Reggression results and conclusions

Result and conclusion

From the confusion matrix above you can see the actual and predicted proteins in both logisitc regression and naive bayes

From the confusion matrices above, we can compare the performance of Logistic Regression and Naive Bayes models in protein localization prediction:

Logistic Regression results:

  • True Cytoplasm: 72 correctly predicted as cytoplasm, 99 incorrectly predicted as nucleus
  • True Nucleus: 18 incorrectly predicted as cytoplasm, 425 correctly predicted as nucleus

Naive Bayes results:

  • True Cytoplasm: 72 correctly predicted as cytoplasm, 99 incorrectly predicted as nucleus
  • True Nucleus: 24 incorrectly predicted as cytoplasm, 419 correctly predicted as nucleus

——————————————————————————————————————–

Nuclear Protein Accuracy:

  • Logistic Regression: 95.9%
  • Naïve Bayes: 94.6%

Cytoplasmic Protein Accuracy:

  • Logistic Regression: 42.1%
  • Naïve Bayes: 42.1%

Logistic Regression and Naïve Bayes models demonstrated strong performance in predicting nuclear protein localization, with Logistic Regression achieving a slightly higher accuracy of 95.9% compared to Naïve Bayes’ 94.6%. However, both models struggled with cytoplasmic protein prediction, with a significantly lower accuracy of 42.1% for both.

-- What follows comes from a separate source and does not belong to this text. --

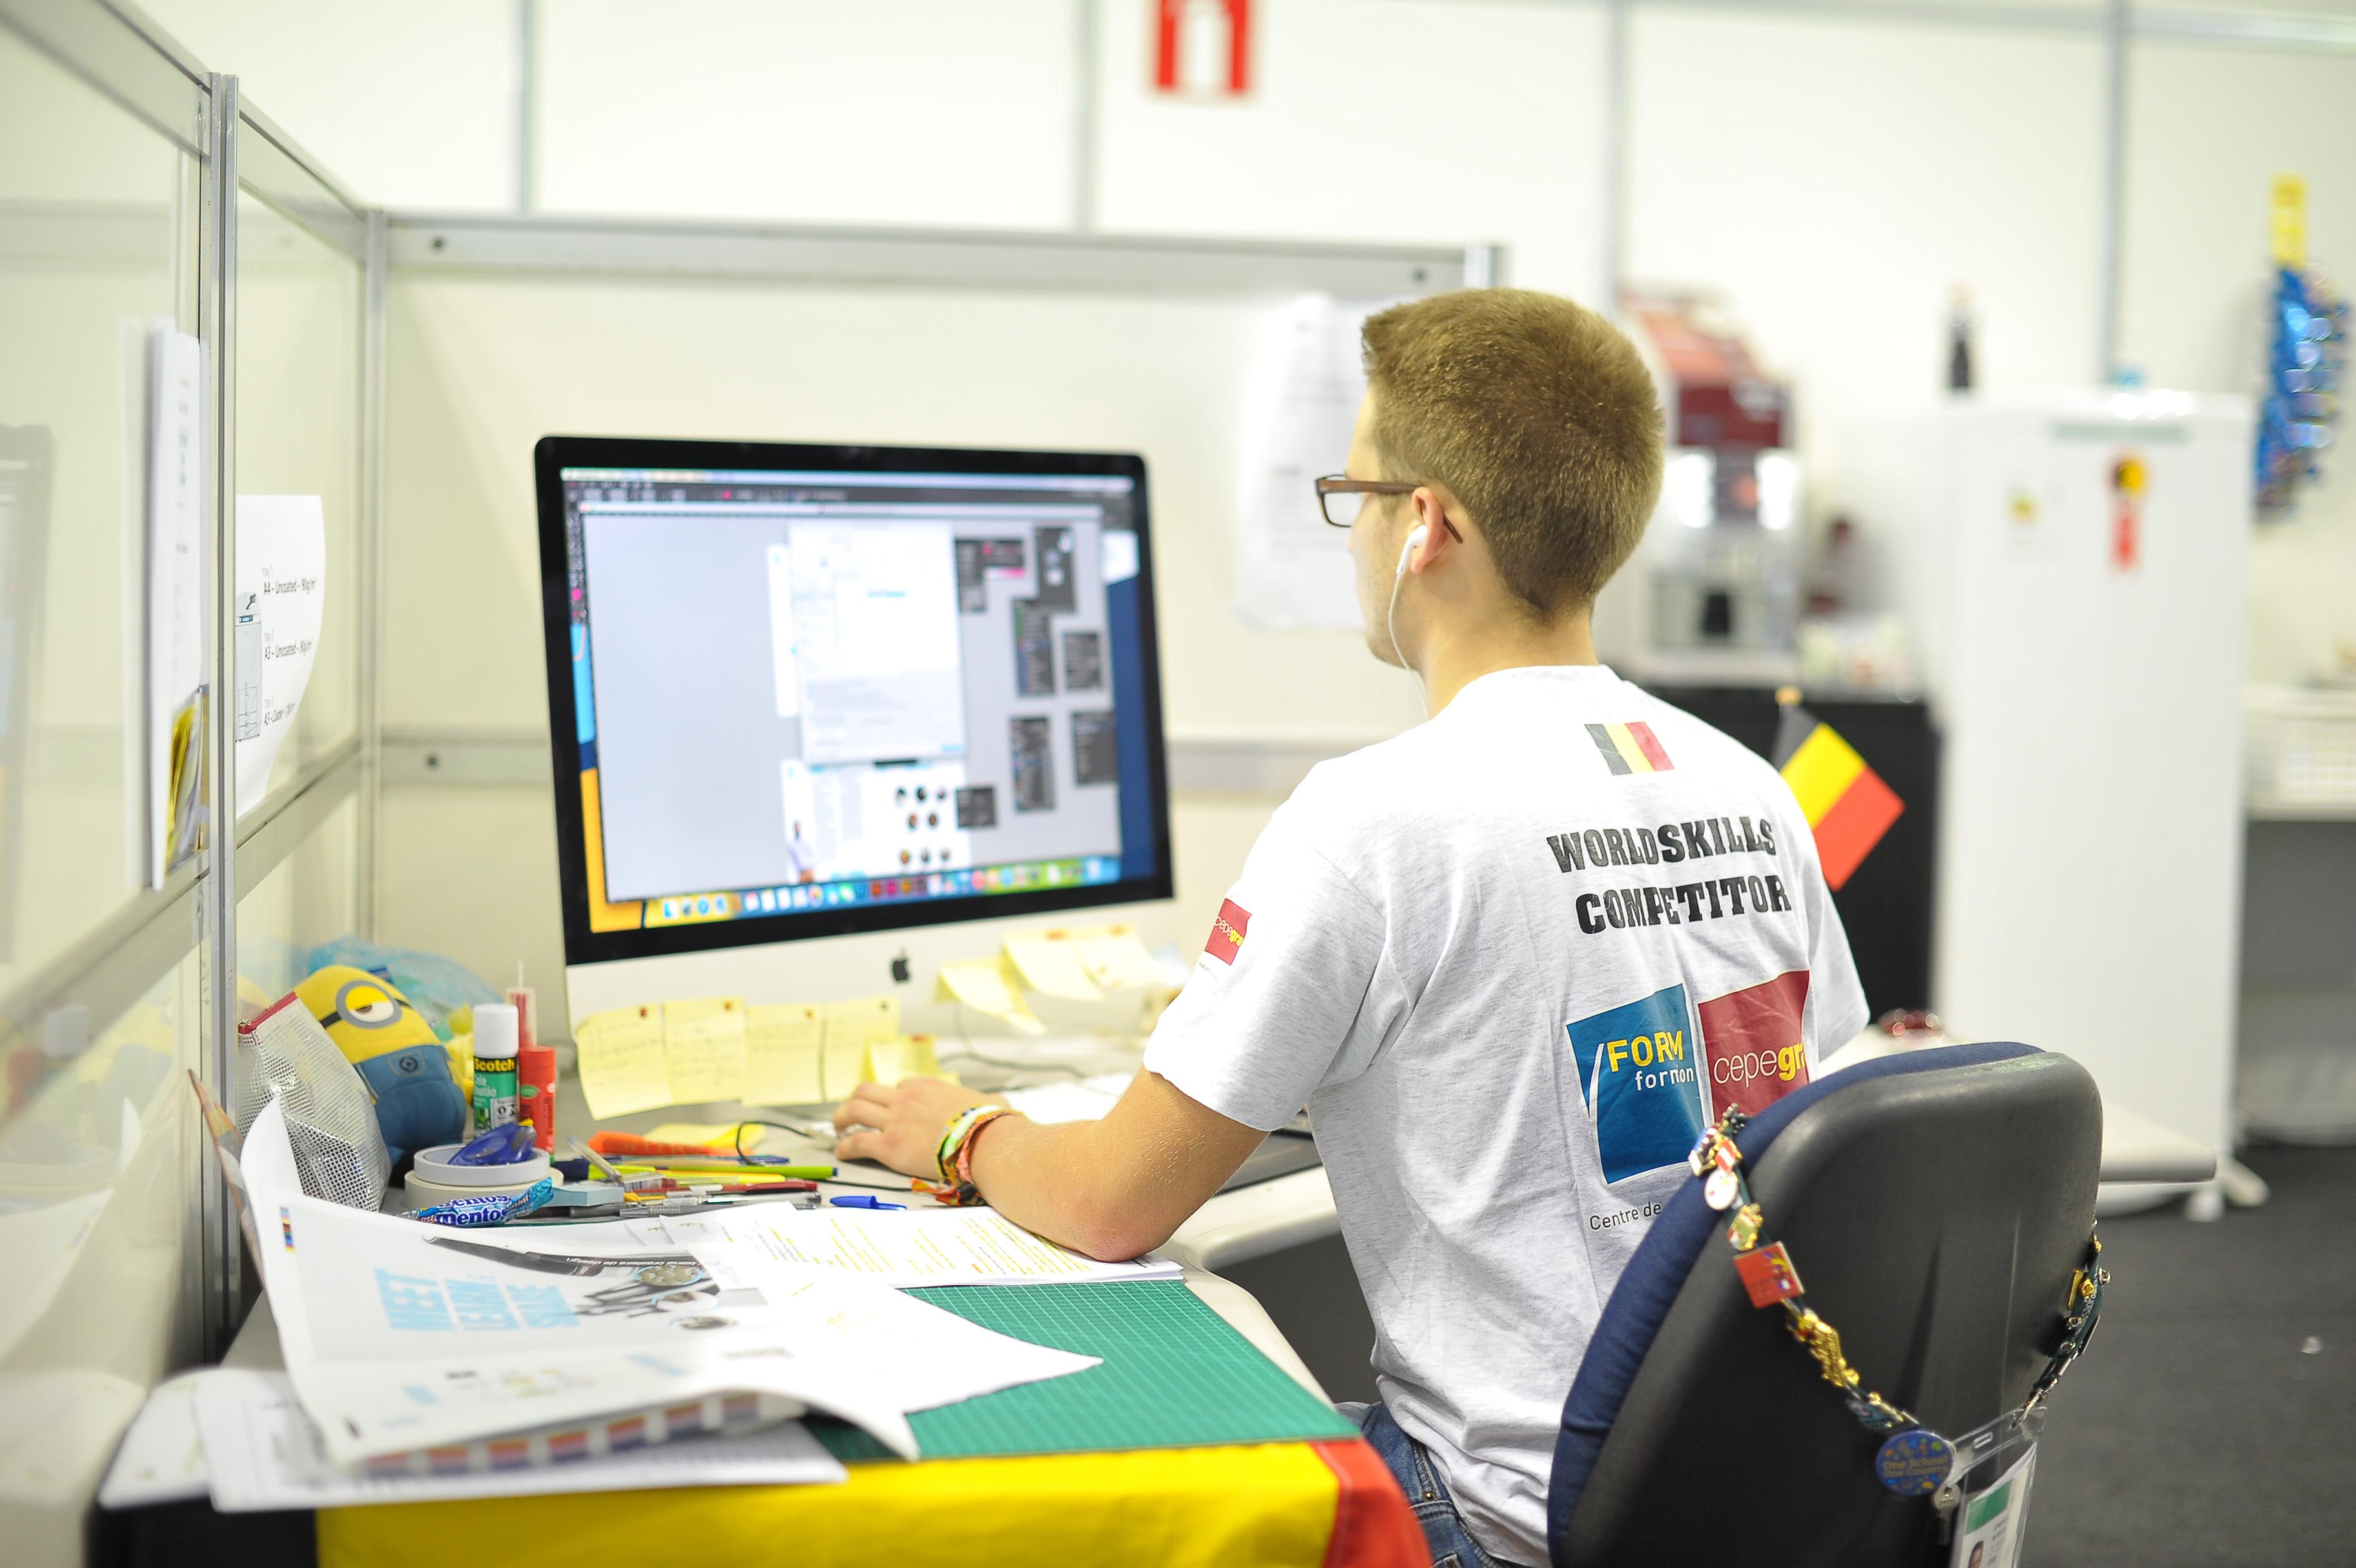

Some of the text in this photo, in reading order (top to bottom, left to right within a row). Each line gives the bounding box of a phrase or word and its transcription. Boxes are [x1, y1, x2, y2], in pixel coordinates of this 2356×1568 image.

Why is the accuracy low in cytoplasmic protein prediction but higher for nucleus? The discrepancy suggests that nuclear proteins probably have more distinctive sequence patterns or features that make them easier to identify, while cytoplasmic proteins may have more diverse or subtle characteristics that current machine learning approaches struggle to capture effectively. This makes sense considering that the cytoplasm is very complex. However, it should still be possible to achieve higher prediction accuracy with more complex algorithms.